Cosa compri davvero
Dieci euro per una dry bag. A quella cifra non aspettarti materiali premium o chiusure da spedizione artica. Quello che trovi è una borsa con saldatura termosaldata, chiusura a roll-top e clip di sicurezza. Il classico sistema che usano in tanti, dal Decathlon in su. Funziona? Sì, onestamente funziona. Fino a un certo punto.
L'ho usata su un kayak gonfiabile in un lago alpino, con qualche schizzone deciso. Telefono e documenti sono rimasti asciutti. Nessuna sorpresa negativa. Però attenzione: non è testata per immersioni prolungate. Se la borsa finisce sott'acqua per più di qualche secondo, le garanzie calano.
A chi conviene
Se hai bisogno di proteggere le cose base durante una gita in canoa, una giornata al mare o un trekking con pioggia intermittente, questa fa il lavoro. La disponibilità in sette misure è un vantaggio concreto: puoi prendere la 5L per le chiavi e la 20L per i vestiti di ricambio.
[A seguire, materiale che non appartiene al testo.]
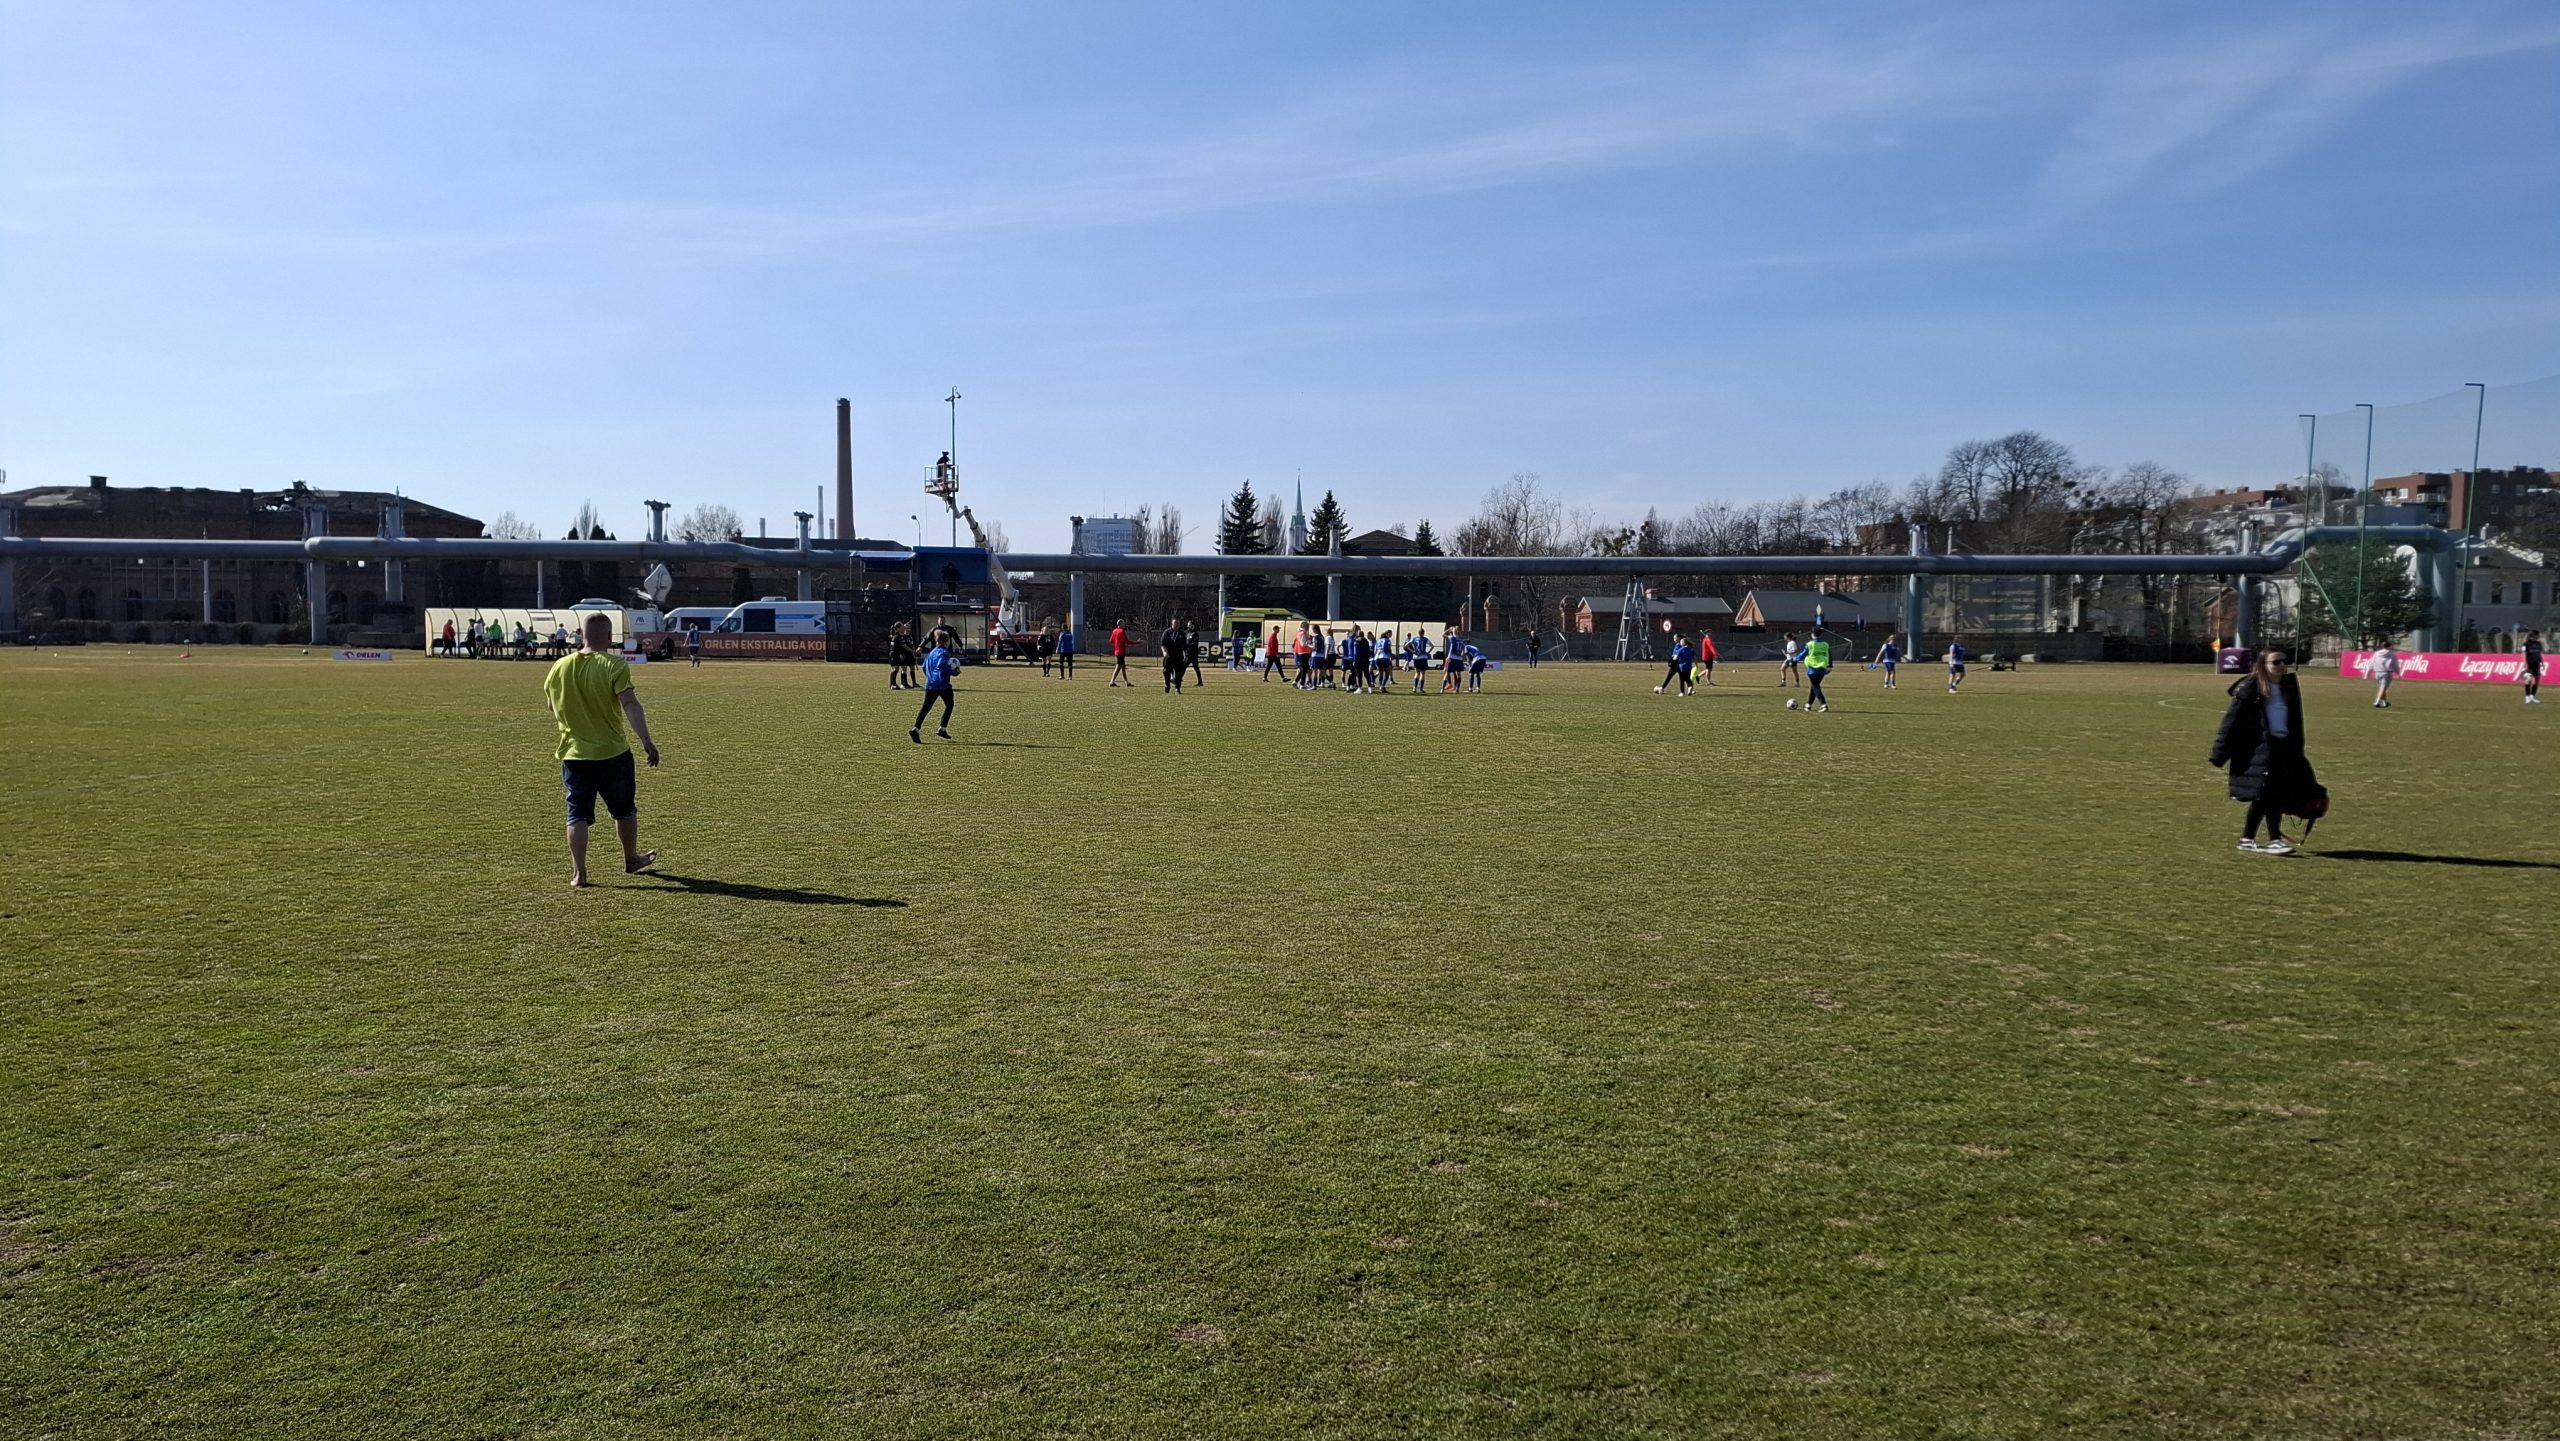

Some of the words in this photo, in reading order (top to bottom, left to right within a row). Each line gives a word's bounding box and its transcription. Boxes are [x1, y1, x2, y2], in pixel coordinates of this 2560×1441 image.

[704, 640, 739, 649] ORLEN
[741, 640, 806, 650] EKSTRALIGA
[356, 651, 381, 659] ORLEN
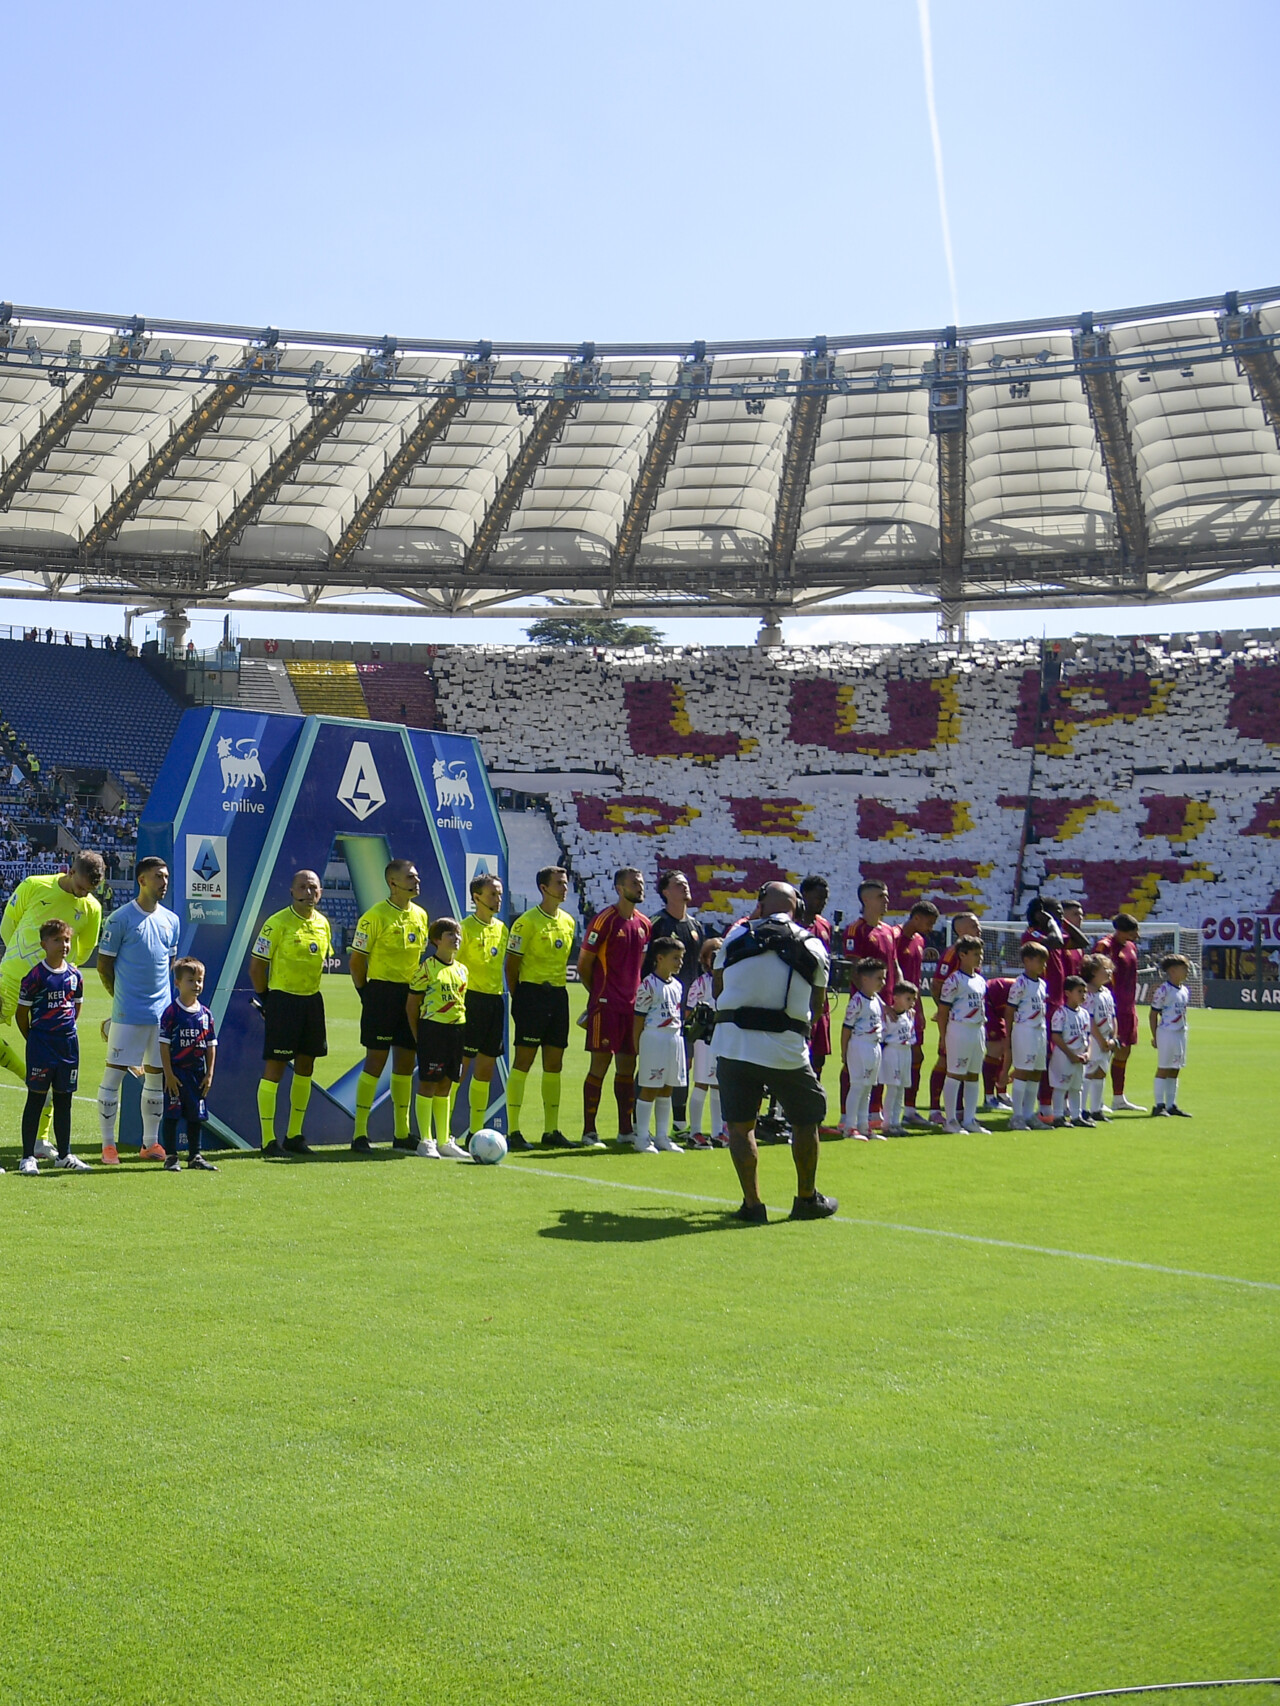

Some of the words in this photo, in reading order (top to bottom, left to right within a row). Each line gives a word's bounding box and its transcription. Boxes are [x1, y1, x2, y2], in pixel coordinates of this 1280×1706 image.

[222, 798, 265, 814] enilive
[436, 816, 473, 831] enilive
[192, 882, 214, 892] SERIE
[215, 884, 222, 893] A
[205, 909, 225, 917] enilive
[179, 1028, 200, 1038] KEEP
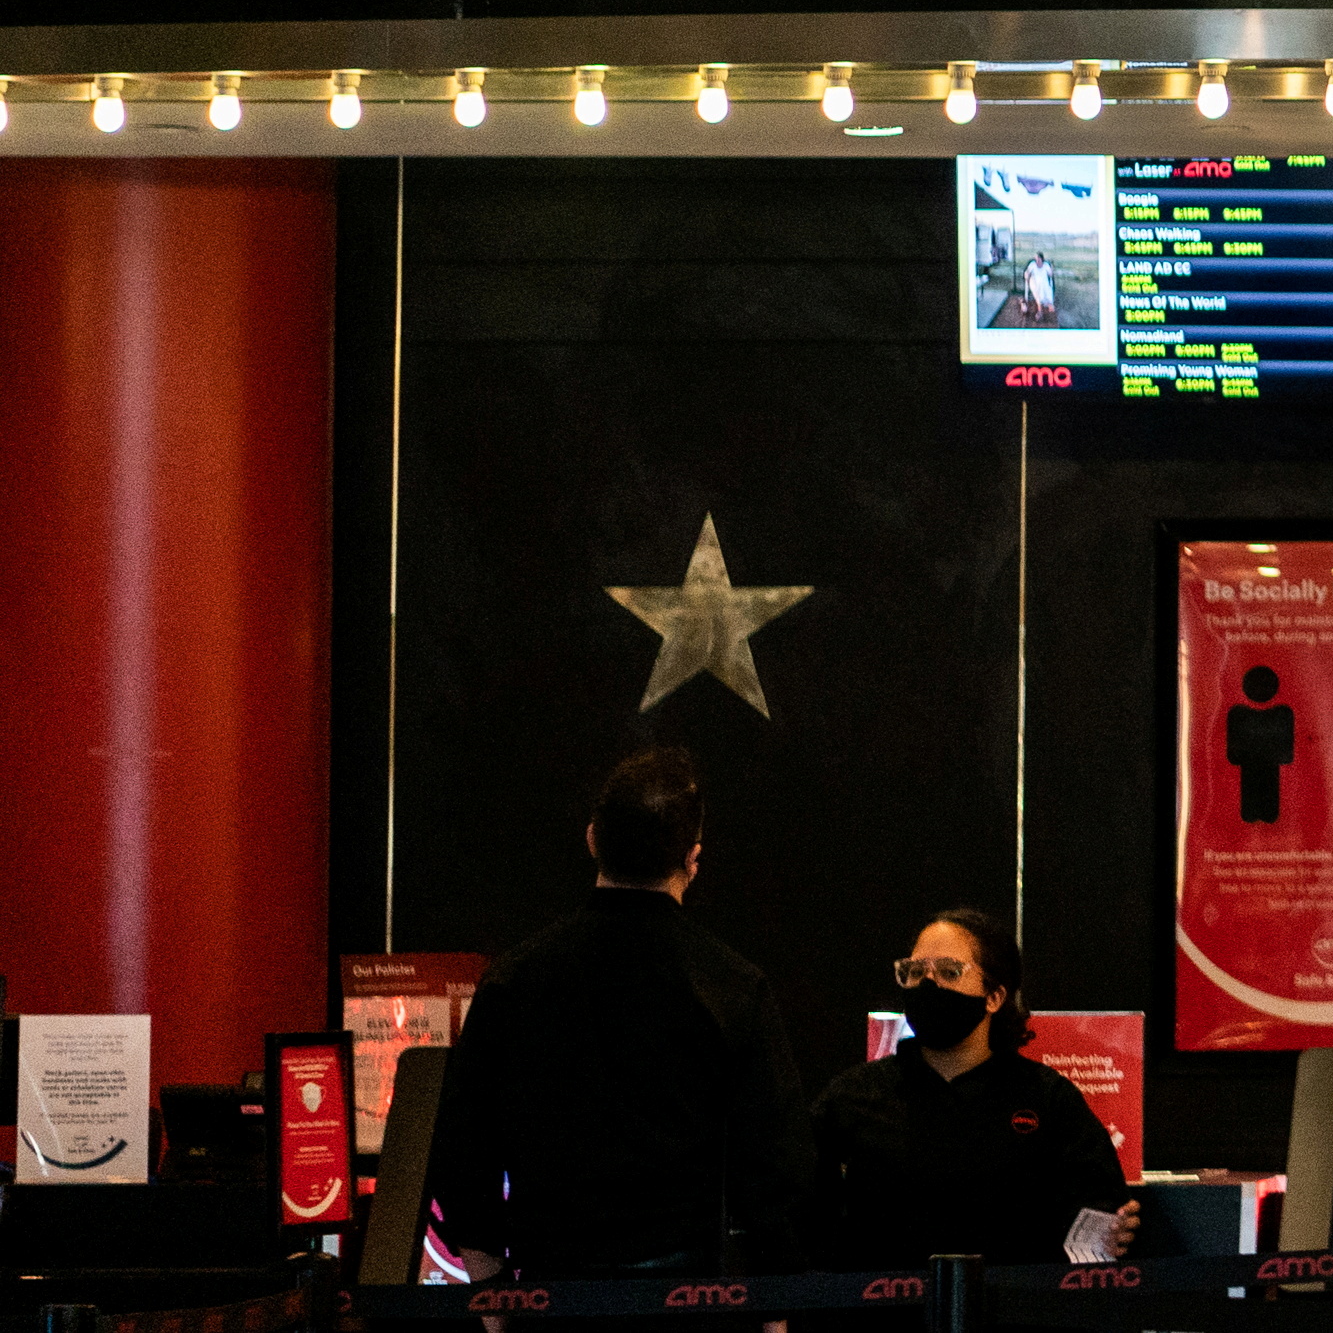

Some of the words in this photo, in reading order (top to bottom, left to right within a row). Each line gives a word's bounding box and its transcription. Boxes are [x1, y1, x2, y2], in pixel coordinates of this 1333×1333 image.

La custodia impermeabile per il cellulare inclusa è un plus, anche se il touch attraverso la plastica non è esattamente reattivo.
Le riserve
Non la comprerei per kayak in mare aperto o rafting spinto. E fidati, il materiale si sente che non è il top. Nel tempo potrebbe cedere prima di prodotti più costosi. Ma a questa fascia di prezzo, per un uso occasionale, il rapporto resa-costo è difficile da battere.